Zaki Ibrahim will host both a talk and musical performance as part of the Uniter Speaker Series.

Supplied photo

Music is a powerful and creative tool that can be used for social change and emotional confrontation. Zaki Ibrahim comes to Winnipeg on Sept.12 to share how her music embodies this and more at the upcoming Uniter Speaker Series.

“I will speak about my life, addressing the importance of being vulnerable and the risk in taking that,” Ibrahim says. “I will focus on the process of what kept me on my musical path, motherhood and sustainability within the arts.

“Ultimately, I want to inspire people to bring out their true selves.”

Born in Vancouver to parents from South Africa and the UK, Ibrahim had a multicultural perspective from birth. The singer recounts that travelling with her parents for work to several countries such as France, Lebanon and the United Kingdom added to her worldview.

“I think travelling from when you’re a child is always invigorating,” she says.

“You get a new perspective, which helps to build character and compassion for people in different cultural and life settings. Travelling helps us to see that the world is not only from a western or (American) viewpoint.”

This expanded worldview broadened Ibrahim’s imagination and is reflected in her music.

“It allows me to romanticize a place and feel like a world citizen,” she says.

“This comes into the music, which influences (me) not to sound like any one genre.”

As Afropunk describes her music as a blend of R&B, soul and jazz, Ibrahim sheds light on her artistic background and interest in being a blended-genre artist.

“My musical journey started off (with) wanting to write poetry, commenting on the environment and drawing on true stories through music,” she says.

She notes that her family influenced her musical diversity.

“I was drawn to hip-hop and house music from an early age due to my cousins’ interest in these genres,” she says.

“Then, I was also drawn to South African songs from my dad, because he would play them all the time (while I was) growing up.”

Also drawn to choral chamber music, Pink Floyd, Anita Baker,and Stevie Wonder throughout her life, Ibrahim notes that all her musical influences came into her imagination and took it to where it needed to go for her musical career.

According to an okayafrica interview, Ibrahim says that she does not try to be unique in her musical style.

“I do not purposefully try to bend anything,” she says.

“I just try to be.
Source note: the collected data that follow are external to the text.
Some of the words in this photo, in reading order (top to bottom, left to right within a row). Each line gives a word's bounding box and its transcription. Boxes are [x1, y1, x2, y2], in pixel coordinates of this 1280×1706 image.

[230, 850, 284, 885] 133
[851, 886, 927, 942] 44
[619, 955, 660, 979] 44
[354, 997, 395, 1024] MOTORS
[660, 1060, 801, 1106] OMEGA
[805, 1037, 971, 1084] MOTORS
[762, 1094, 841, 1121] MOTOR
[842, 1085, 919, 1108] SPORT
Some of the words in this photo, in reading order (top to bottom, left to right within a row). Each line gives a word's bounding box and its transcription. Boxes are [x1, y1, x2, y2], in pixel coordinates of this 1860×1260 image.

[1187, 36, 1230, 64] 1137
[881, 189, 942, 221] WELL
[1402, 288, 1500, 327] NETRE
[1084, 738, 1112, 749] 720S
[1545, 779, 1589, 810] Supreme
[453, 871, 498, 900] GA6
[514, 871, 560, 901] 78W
Natural is my favourite. Forced art is just creepy and not necessary. To put it plainly, I have never been able to soundbite what my genre or what my style is. And I do not try that hard to do it.”

This musical journey was not an easy one, as Ibrahim is a self-taught artist, but she highlights the motivations that kept her on the right path.
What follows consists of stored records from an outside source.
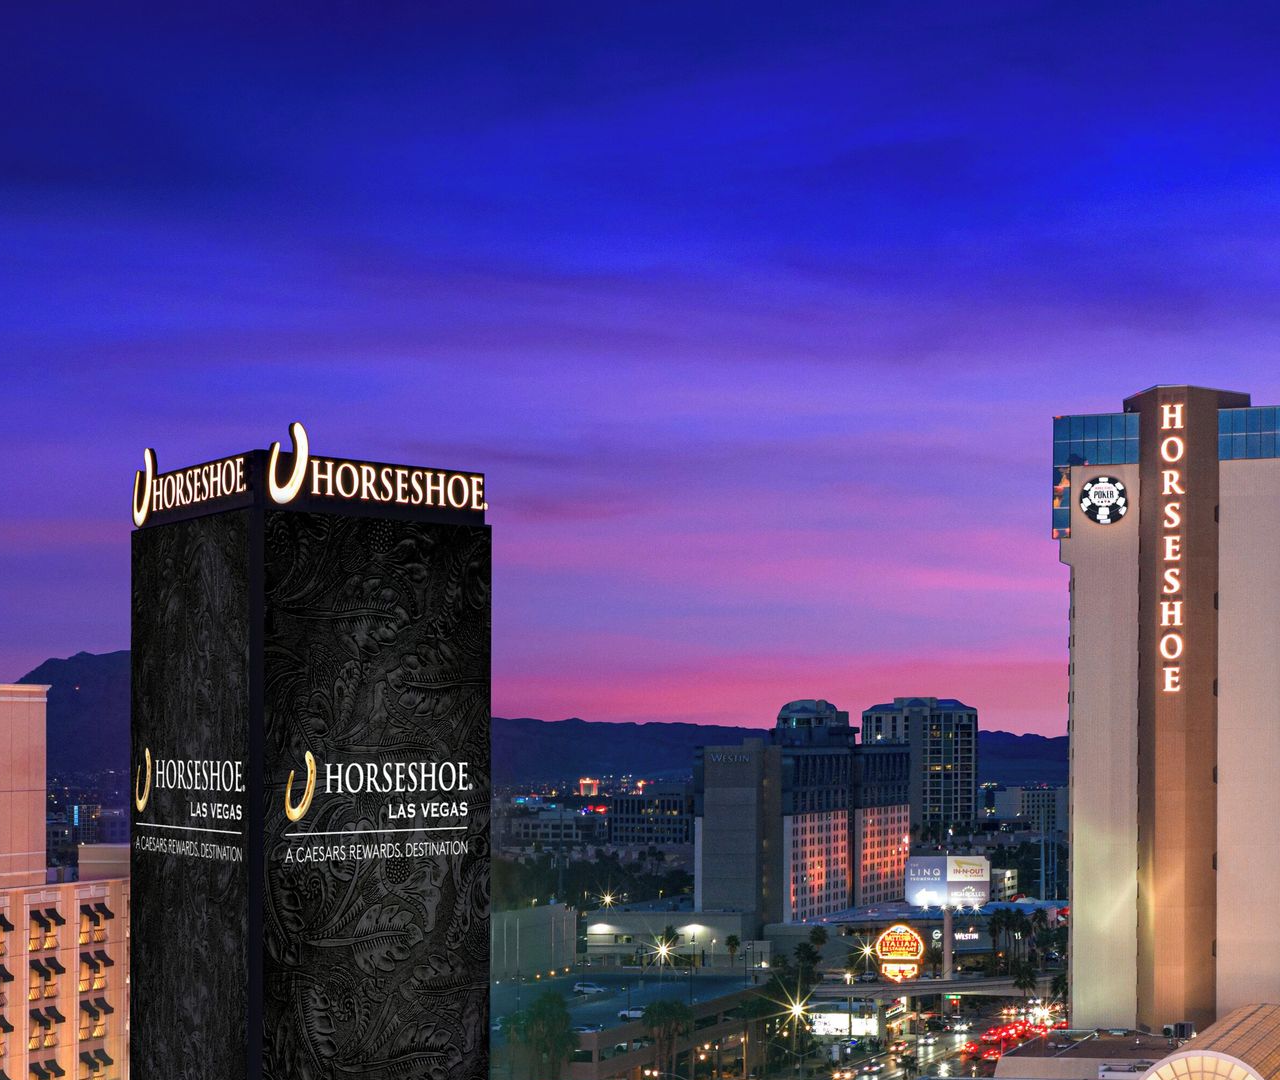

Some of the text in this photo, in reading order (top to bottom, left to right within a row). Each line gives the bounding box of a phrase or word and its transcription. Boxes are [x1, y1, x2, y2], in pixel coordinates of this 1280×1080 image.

[152, 457, 246, 512] HORSESHOE
[311, 459, 485, 510] HORSESHOE
[1094, 490, 1114, 498] POKER
[1160, 404, 1185, 692] HORSESHOE
[711, 753, 751, 762] WESTIN
[155, 759, 243, 792] HORSESHOE
[324, 761, 469, 794] HORSESHOE
[190, 801, 243, 820] LAS VEGAS
[388, 801, 468, 819] LAS VEGAS
[141, 835, 167, 853] CAESARS
[201, 843, 243, 862] DESTINATION
[285, 848, 294, 863] A
[296, 845, 346, 863] CAESARS
[406, 841, 469, 857] DESTINATION
[910, 868, 941, 877] LINQ
[954, 932, 979, 941] WESTIN
“What motivated me to keep pursuing music is the hustle,” she says.

“Within the hustle, you can put yourself in the direction you want to go in. I am very happy where I am, and the learning pace I took was perfect.

“I do not want to compete and compare myself to those who have formal university training. I am focusing on taking my path at my own pace and trying to keep it real and authentic.”

Ibrahim also calls for authenticity in the music industry, which can be shown with more representation of different groups in a normally Caucasian, male-dominated industry.

“As a Person of Colour and a woman, it is important to take up space within the music industry,” she says.

Ibrahim notes that creating your own path can come at a price, but it translates to having longevity in the music industry.

“I got an offer early on (in) my career from a huge music label, but I did not accept it, because I was conscious to not have a steep rise to success.

“I wanted to stay healthy and still be on stage when I am 80 years old or older.”

The singer wants her music to embody authenticity, addressing the emotional fluctuations of life.

“Music is cathartic. It is good when we want to have the good vibes and when we experience heartbreak,” she says.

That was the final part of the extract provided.